Attorneys: Barry C. Hodge and Steven W. Fitschen of The National Legal Foundation
The Ten Commandments have both religious and historical significance. This brief will explain how each one of the Ten Commandments has historically impacted American law and jurisprudence and thus, why the Ten Commandments should be permitted to be displayed with other political and patriotic documents.
In this regard, this Brief will greatly expand upon the information contained in Petitioner’s Brief.
Amici in Opposition to the Commandments Displays
American Humanist Assoc. et. al.
Attorneys: Jacob B. Rolls and Elizabeth L. Hileman of American Humanists Foundation
The Lemon test is a sensible reflection of the values embodied in the Establishment Clause and remains an eminently workable and dynamic model to assess the constitutionality of government activity. Just as the Establishment Clause itself embodies multiple values, so must the tests that this Court employs to decide acceptable Constitutional parameters. Because of our unique national history, it is now widely accepted that our government cannot legislate in a manner that endorses one religion over others, or religion generally. It is equally clear that our system of government is not designed to undertake actions, the principle purpose or effect of which is to advance religion, and that our government must not allow itself to become excessively entangled with religion or religious matters. As difficult as it may be to navigate the challenges presented when our collective civic and religious values conflict, it is imperative that we respect the constitutional values that give meaning to the Establishment Clause. Those values are adequately represented in the three-pronged Lemon test as it has evolved and been refined through this Court’s decisions.

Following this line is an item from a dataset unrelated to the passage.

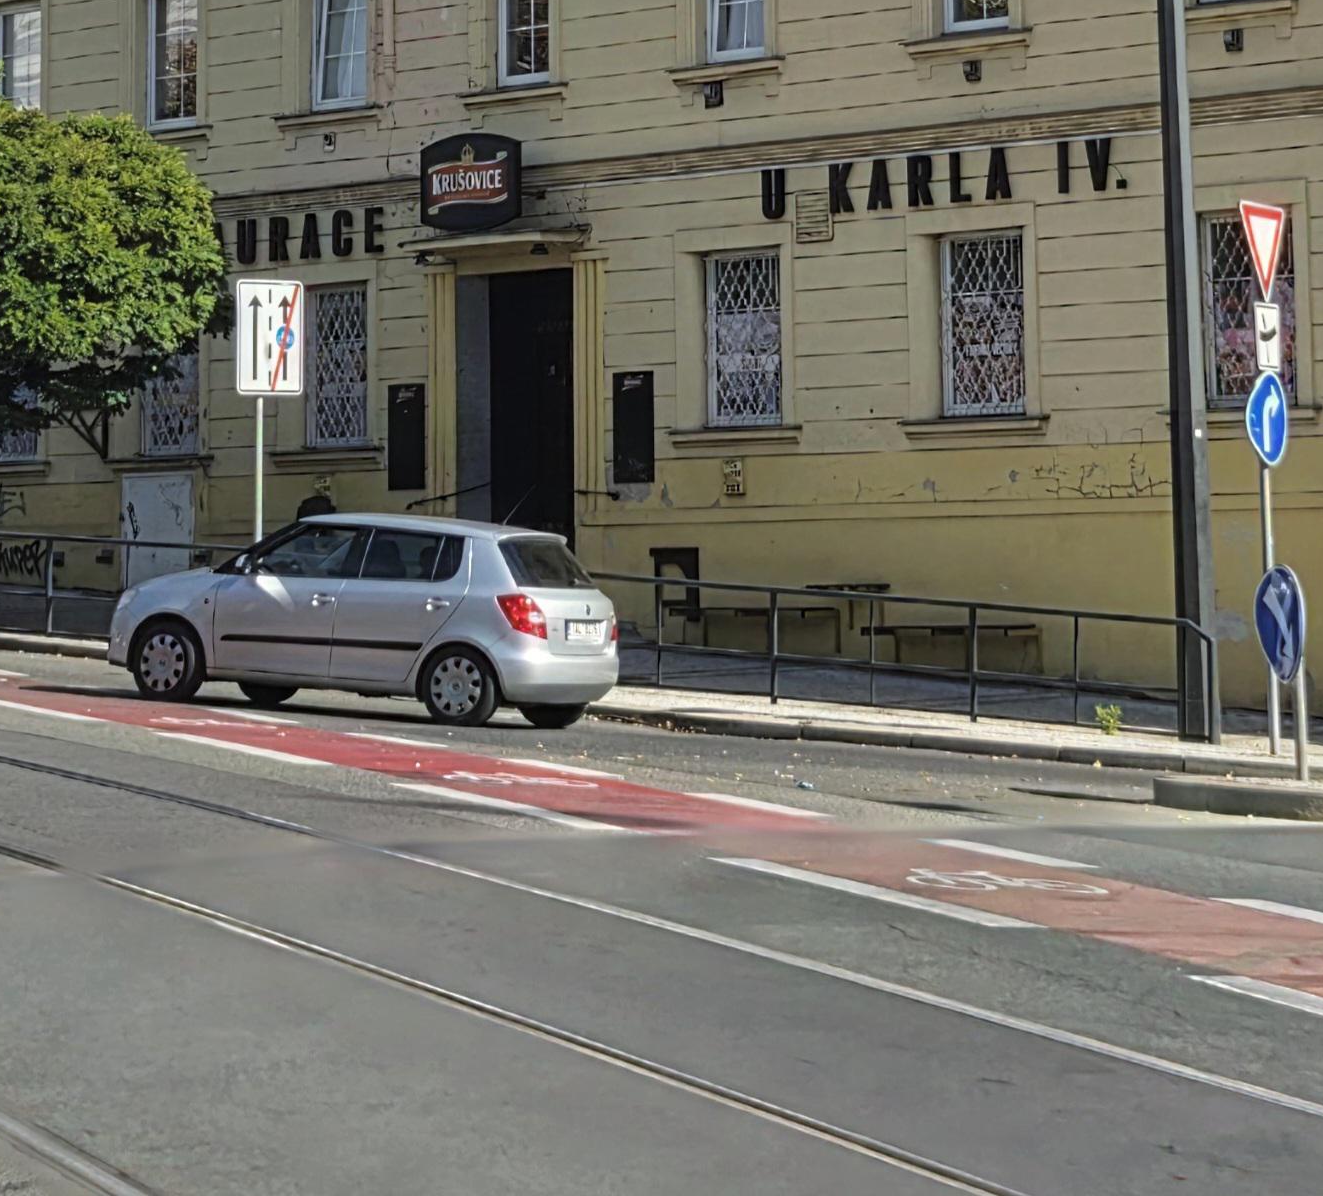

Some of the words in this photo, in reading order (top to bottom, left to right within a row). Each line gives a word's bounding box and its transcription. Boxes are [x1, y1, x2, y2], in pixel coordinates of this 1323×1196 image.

[432, 169, 503, 196] KRUŠOVICE
[761, 168, 786, 220] U
[828, 146, 1013, 214] KARLA
[1056, 136, 1127, 193] IV.

The Ten Commandment displays at issue in McCreary and Van Orden violate the Establishment Clause by failing to satisfy one or both of the religious purpose and effects tests set forth in Lemon. The “plainly religious” nature of the Ten Commandments justifiably elevates courts’ skepticism of proffered legislative purposes for posting them, and this Court is also correct to examine the context, content, and history of Ten Commandment displays in order to decipher true legislative purposes. The nature of the analysis required under the Establishment Clause mandates this comprehensive examination, and early indications of religious or secular purposes clearly and importantly assist the courts in determining whether particular legislative actions are wholly, partly or predominantly secular or religious. The purported purposes for the displays at issue in McCreary, while perhaps appearing secular in their final version, are nevertheless predominantly religious. In McCreary this is exacerbated by the clear religious purpose of the original and second display efforts, and by the superficial and misguided attempt to characterize the historical contributions of the Ten Commandments to our nation’s legal system. In Van Orden the purported purpose cannot be characterized as “bona fide, legitimate, and not a mere sham” because of the plainly religious nature of the Ten Commandments monument and the absence of a logical connection between the monument’s display and the purported purpose.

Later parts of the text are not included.